#### YOUR ASSIGNMENT
Word for word, print each record, dropping any image it holds.

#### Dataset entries
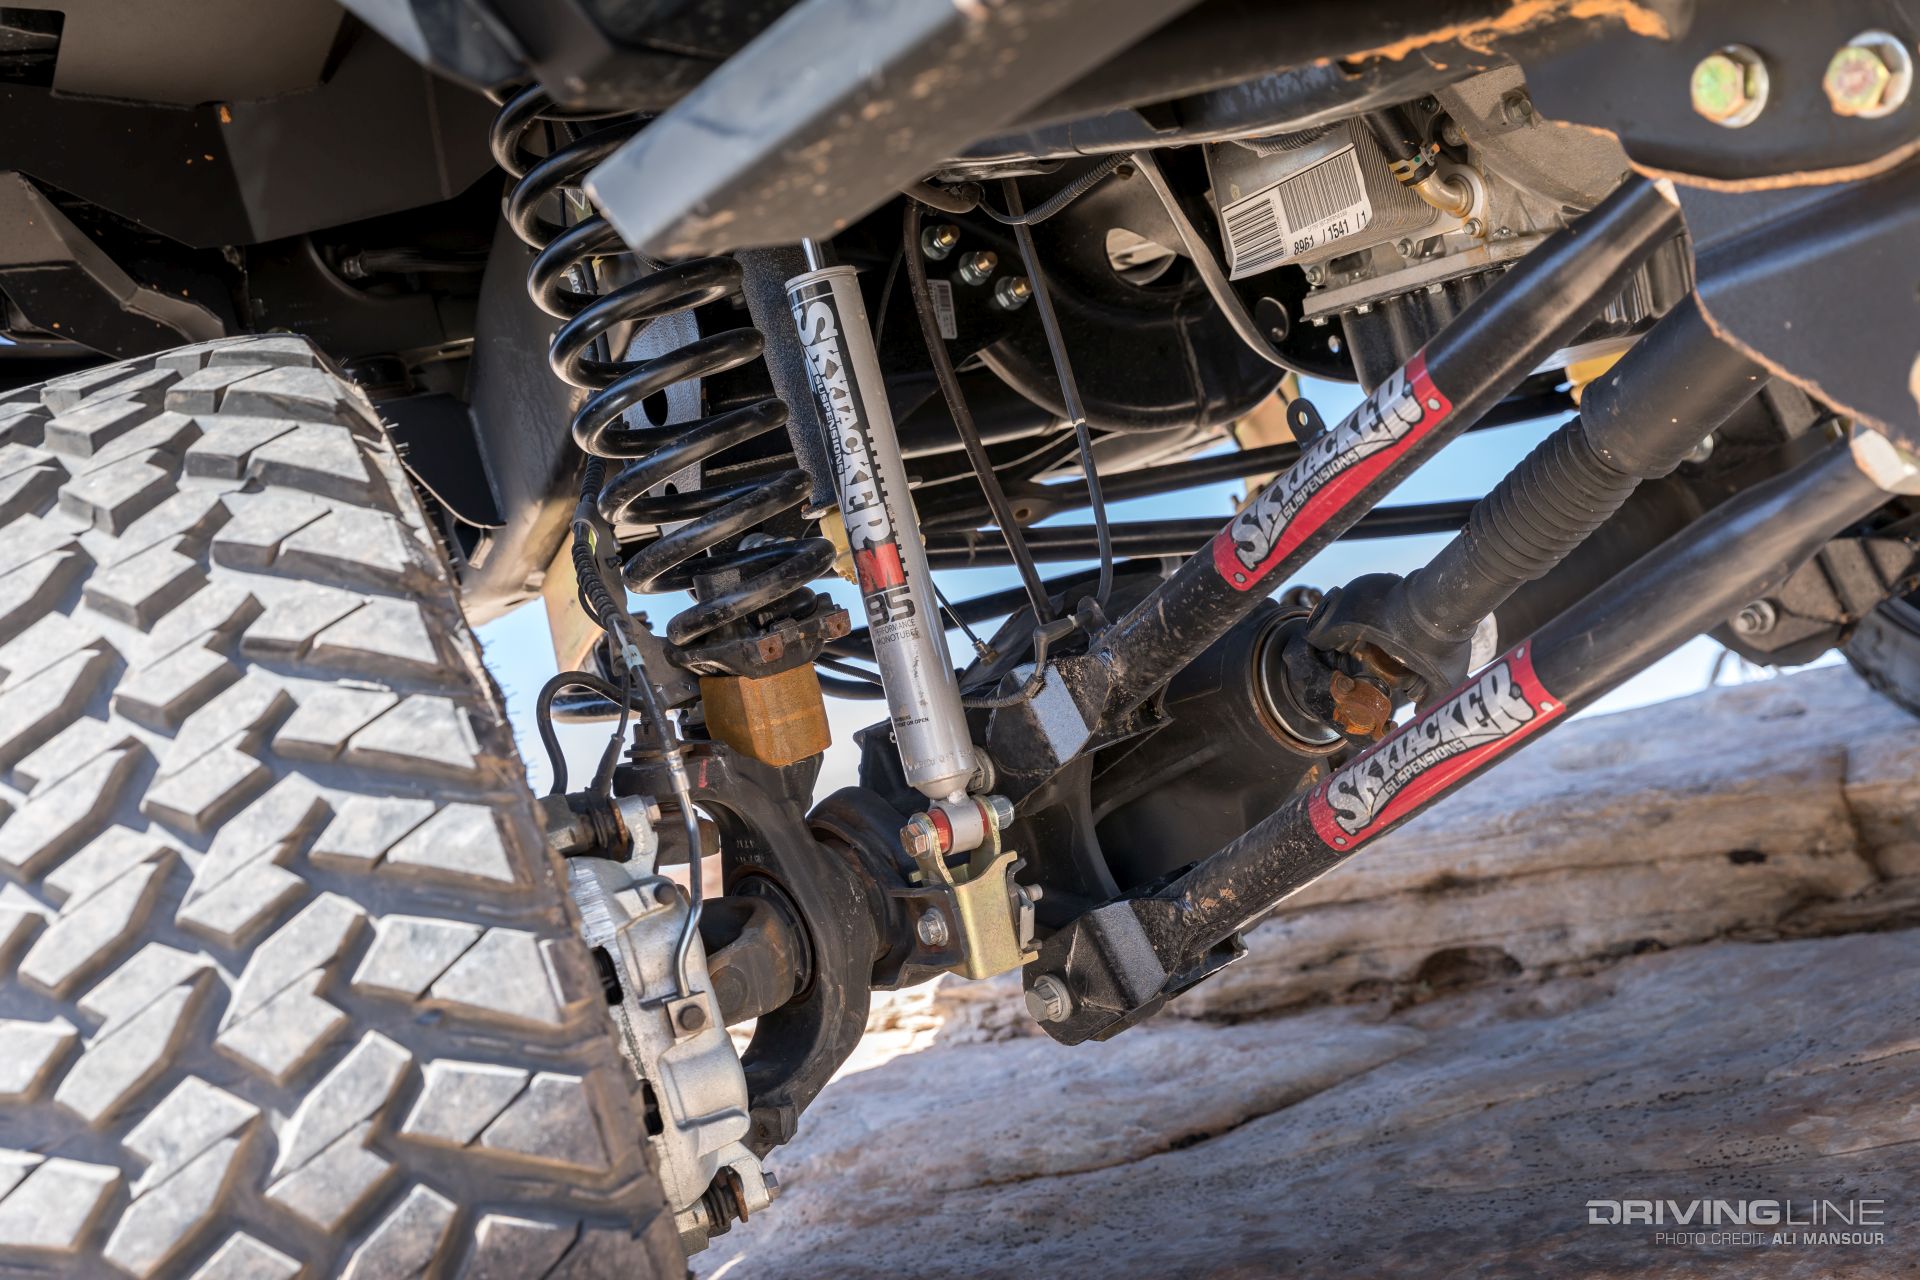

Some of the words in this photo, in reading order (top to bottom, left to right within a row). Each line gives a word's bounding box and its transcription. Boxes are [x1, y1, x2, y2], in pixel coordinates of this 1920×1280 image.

[1294, 235, 1314, 255] 8961
[1328, 219, 1349, 240] 1541
[794, 301, 890, 551] SKYJACKER
[813, 374, 845, 475] SUSPENSIONS
[1231, 367, 1423, 570] SKYJACKER
[1284, 449, 1359, 520] SUSPENSIONS
[1327, 662, 1535, 835] SKYJACKER
[1387, 739, 1466, 796] SUSPENSIONS
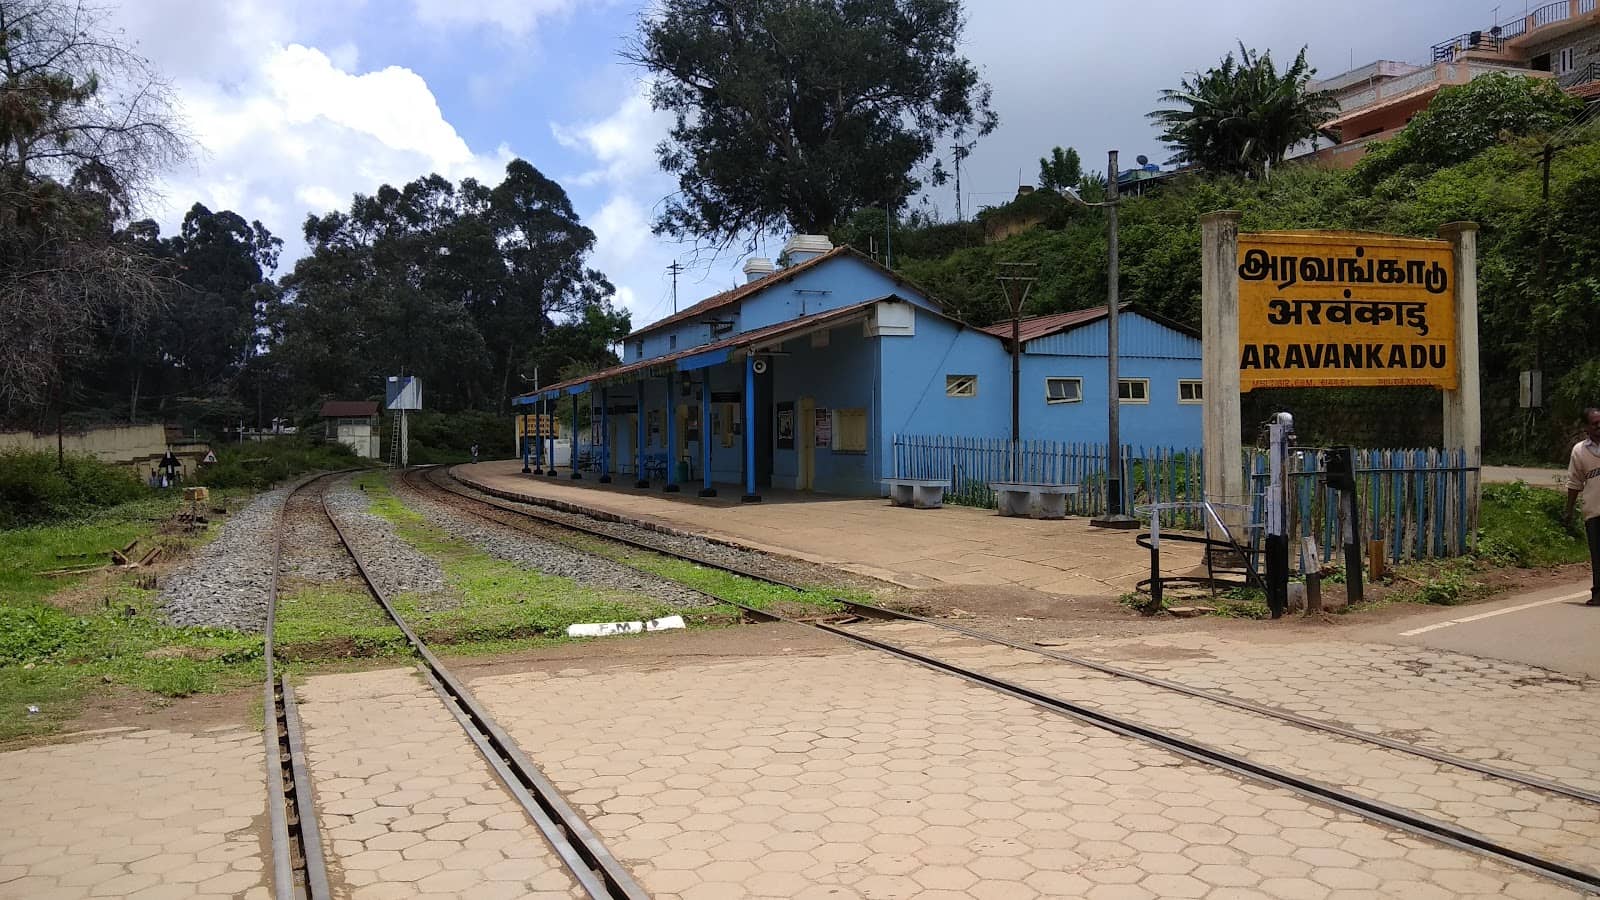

#### EXERCISE OUTPUT
Some of the words in this photo, in reading order (top to bottom, left to right within a row). Each line gives a word's bounding box and its transcription. Boxes are [x1, y1, x2, y2], in pixel coordinates of this 1920×1280 image.

[1294, 235, 1314, 255] 8961
[1328, 219, 1349, 240] 1541
[794, 301, 890, 551] SKYJACKER
[813, 374, 845, 475] SUSPENSIONS
[1231, 367, 1423, 570] SKYJACKER
[1284, 449, 1359, 520] SUSPENSIONS
[1327, 662, 1535, 835] SKYJACKER
[1387, 739, 1466, 796] SUSPENSIONS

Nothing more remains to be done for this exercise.